Task item :: Each line below is to be set down again exactly.
[Entries supplied Boundary: Start]
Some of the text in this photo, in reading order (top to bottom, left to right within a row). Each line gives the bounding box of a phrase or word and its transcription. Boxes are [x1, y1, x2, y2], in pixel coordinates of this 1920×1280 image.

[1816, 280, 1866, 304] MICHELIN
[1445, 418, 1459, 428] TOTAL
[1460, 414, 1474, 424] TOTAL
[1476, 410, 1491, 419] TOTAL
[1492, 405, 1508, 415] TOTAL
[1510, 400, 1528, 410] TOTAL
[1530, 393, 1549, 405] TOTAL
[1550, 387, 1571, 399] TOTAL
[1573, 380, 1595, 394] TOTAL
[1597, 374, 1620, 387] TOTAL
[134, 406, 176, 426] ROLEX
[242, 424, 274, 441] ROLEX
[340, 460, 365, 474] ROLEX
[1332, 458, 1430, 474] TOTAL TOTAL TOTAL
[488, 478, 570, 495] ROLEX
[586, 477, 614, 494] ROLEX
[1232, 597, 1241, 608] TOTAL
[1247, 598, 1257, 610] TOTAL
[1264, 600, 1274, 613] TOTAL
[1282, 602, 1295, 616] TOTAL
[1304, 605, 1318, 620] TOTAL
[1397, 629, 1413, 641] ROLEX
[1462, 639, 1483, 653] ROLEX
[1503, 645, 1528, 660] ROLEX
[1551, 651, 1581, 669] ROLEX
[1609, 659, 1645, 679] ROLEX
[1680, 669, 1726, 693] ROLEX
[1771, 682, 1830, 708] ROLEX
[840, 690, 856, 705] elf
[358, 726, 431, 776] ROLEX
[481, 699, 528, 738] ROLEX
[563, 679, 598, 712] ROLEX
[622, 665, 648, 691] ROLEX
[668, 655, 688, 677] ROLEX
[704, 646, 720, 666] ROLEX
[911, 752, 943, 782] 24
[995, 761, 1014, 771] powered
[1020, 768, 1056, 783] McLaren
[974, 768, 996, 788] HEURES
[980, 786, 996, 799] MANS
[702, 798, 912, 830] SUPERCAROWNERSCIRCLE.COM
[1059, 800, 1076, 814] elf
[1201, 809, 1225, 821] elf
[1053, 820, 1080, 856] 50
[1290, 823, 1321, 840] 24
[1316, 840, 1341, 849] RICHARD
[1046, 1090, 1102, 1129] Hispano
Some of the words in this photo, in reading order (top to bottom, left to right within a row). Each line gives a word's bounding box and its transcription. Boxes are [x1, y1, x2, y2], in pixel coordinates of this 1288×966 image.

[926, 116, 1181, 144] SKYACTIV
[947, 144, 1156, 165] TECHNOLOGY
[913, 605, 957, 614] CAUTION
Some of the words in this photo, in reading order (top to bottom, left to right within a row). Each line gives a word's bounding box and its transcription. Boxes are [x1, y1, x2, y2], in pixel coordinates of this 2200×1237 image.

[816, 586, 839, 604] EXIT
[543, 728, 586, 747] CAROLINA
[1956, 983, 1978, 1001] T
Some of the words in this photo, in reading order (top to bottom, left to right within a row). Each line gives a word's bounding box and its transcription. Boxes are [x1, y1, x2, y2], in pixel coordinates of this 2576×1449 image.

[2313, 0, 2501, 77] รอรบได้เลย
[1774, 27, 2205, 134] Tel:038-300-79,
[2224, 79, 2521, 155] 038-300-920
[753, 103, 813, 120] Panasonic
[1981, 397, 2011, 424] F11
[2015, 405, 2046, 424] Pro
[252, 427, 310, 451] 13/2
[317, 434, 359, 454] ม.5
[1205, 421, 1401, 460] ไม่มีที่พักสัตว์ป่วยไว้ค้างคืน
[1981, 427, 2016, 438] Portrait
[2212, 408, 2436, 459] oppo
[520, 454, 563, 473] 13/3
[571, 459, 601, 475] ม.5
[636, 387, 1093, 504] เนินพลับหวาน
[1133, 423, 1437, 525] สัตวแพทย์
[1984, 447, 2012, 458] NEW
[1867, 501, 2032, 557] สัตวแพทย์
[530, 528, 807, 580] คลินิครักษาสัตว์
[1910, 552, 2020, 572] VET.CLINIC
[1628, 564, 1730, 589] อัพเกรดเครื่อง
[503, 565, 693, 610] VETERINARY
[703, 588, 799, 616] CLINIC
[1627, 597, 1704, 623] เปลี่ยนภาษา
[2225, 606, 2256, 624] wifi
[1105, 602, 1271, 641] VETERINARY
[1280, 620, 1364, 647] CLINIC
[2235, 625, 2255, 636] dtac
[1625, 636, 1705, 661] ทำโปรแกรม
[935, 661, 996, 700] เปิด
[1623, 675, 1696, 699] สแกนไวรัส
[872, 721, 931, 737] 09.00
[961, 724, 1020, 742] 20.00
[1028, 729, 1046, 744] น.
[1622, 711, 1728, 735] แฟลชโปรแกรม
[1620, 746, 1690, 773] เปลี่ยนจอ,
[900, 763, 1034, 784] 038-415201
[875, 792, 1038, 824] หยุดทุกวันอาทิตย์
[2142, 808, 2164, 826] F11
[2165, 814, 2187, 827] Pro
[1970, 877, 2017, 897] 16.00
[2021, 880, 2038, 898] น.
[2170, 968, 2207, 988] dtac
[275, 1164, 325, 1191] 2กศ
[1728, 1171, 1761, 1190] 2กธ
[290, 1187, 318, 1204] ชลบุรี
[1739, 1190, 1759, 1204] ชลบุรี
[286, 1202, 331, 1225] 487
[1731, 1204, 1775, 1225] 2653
[Entries supplied Boundary: End]
Written answer ::
Some of the text in this photo, in reading order (top to bottom, left to right within a row). Each line gives the bounding box of a phrase or word and its transcription. Boxes are [x1, y1, x2, y2], in pixel coordinates of this 1920×1280 image.

[1816, 280, 1866, 304] MICHELIN
[1445, 418, 1459, 428] TOTAL
[1460, 414, 1474, 424] TOTAL
[1476, 410, 1491, 419] TOTAL
[1492, 405, 1508, 415] TOTAL
[1510, 400, 1528, 410] TOTAL
[1530, 393, 1549, 405] TOTAL
[1550, 387, 1571, 399] TOTAL
[1573, 380, 1595, 394] TOTAL
[1597, 374, 1620, 387] TOTAL
[134, 406, 176, 426] ROLEX
[242, 424, 274, 441] ROLEX
[340, 460, 365, 474] ROLEX
[1332, 458, 1430, 474] TOTAL TOTAL TOTAL
[488, 478, 570, 495] ROLEX
[586, 477, 614, 494] ROLEX
[1232, 597, 1241, 608] TOTAL
[1247, 598, 1257, 610] TOTAL
[1264, 600, 1274, 613] TOTAL
[1282, 602, 1295, 616] TOTAL
[1304, 605, 1318, 620] TOTAL
[1397, 629, 1413, 641] ROLEX
[1462, 639, 1483, 653] ROLEX
[1503, 645, 1528, 660] ROLEX
[1551, 651, 1581, 669] ROLEX
[1609, 659, 1645, 679] ROLEX
[1680, 669, 1726, 693] ROLEX
[1771, 682, 1830, 708] ROLEX
[840, 690, 856, 705] elf
[358, 726, 431, 776] ROLEX
[481, 699, 528, 738] ROLEX
[563, 679, 598, 712] ROLEX
[622, 665, 648, 691] ROLEX
[668, 655, 688, 677] ROLEX
[704, 646, 720, 666] ROLEX
[911, 752, 943, 782] 24
[995, 761, 1014, 771] powered
[1020, 768, 1056, 783] McLaren
[974, 768, 996, 788] HEURES
[980, 786, 996, 799] MANS
[702, 798, 912, 830] SUPERCAROWNERSCIRCLE.COM
[1059, 800, 1076, 814] elf
[1201, 809, 1225, 821] elf
[1053, 820, 1080, 856] 50
[1290, 823, 1321, 840] 24
[1316, 840, 1341, 849] RICHARD
[1046, 1090, 1102, 1129] Hispano
Some of the words in this photo, in reading order (top to bottom, left to right within a row). Each line gives a word's bounding box and its transcription. Boxes are [x1, y1, x2, y2], in pixel coordinates of this 1288×966 image.

[926, 116, 1181, 144] SKYACTIV
[947, 144, 1156, 165] TECHNOLOGY
[913, 605, 957, 614] CAUTION
Some of the words in this photo, in reading order (top to bottom, left to right within a row). Each line gives a word's bounding box and its transcription. Boxes are [x1, y1, x2, y2], in pixel coordinates of this 2200×1237 image.

[816, 586, 839, 604] EXIT
[543, 728, 586, 747] CAROLINA
[1956, 983, 1978, 1001] T
Some of the words in this photo, in reading order (top to bottom, left to right within a row). Each line gives a word's bounding box and its transcription. Boxes are [x1, y1, x2, y2], in pixel coordinates of this 2576×1449 image.

[2313, 0, 2501, 77] รอรบได้เลย
[1774, 27, 2205, 134] Tel:038-300-79,
[2224, 79, 2521, 155] 038-300-920
[753, 103, 813, 120] Panasonic
[1981, 397, 2011, 424] F11
[2015, 405, 2046, 424] Pro
[252, 427, 310, 451] 13/2
[317, 434, 359, 454] ม.5
[1205, 421, 1401, 460] ไม่มีที่พักสัตว์ป่วยไว้ค้างคืน
[1981, 427, 2016, 438] Portrait
[2212, 408, 2436, 459] oppo
[520, 454, 563, 473] 13/3
[571, 459, 601, 475] ม.5
[636, 387, 1093, 504] เนินพลับหวาน
[1133, 423, 1437, 525] สัตวแพทย์
[1984, 447, 2012, 458] NEW
[1867, 501, 2032, 557] สัตวแพทย์
[530, 528, 807, 580] คลินิครักษาสัตว์
[1910, 552, 2020, 572] VET.CLINIC
[1628, 564, 1730, 589] อัพเกรดเครื่อง
[503, 565, 693, 610] VETERINARY
[703, 588, 799, 616] CLINIC
[1627, 597, 1704, 623] เปลี่ยนภาษา
[2225, 606, 2256, 624] wifi
[1105, 602, 1271, 641] VETERINARY
[1280, 620, 1364, 647] CLINIC
[2235, 625, 2255, 636] dtac
[1625, 636, 1705, 661] ทำโปรแกรม
[935, 661, 996, 700] เปิด
[1623, 675, 1696, 699] สแกนไวรัส
[872, 721, 931, 737] 09.00
[961, 724, 1020, 742] 20.00
[1028, 729, 1046, 744] น.
[1622, 711, 1728, 735] แฟลชโปรแกรม
[1620, 746, 1690, 773] เปลี่ยนจอ,
[900, 763, 1034, 784] 038-415201
[875, 792, 1038, 824] หยุดทุกวันอาทิตย์
[2142, 808, 2164, 826] F11
[2165, 814, 2187, 827] Pro
[1970, 877, 2017, 897] 16.00
[2021, 880, 2038, 898] น.
[2170, 968, 2207, 988] dtac
[275, 1164, 325, 1191] 2กศ
[1728, 1171, 1761, 1190] 2กธ
[290, 1187, 318, 1204] ชลบุรี
[1739, 1190, 1759, 1204] ชลบุรี
[286, 1202, 331, 1225] 487
[1731, 1204, 1775, 1225] 2653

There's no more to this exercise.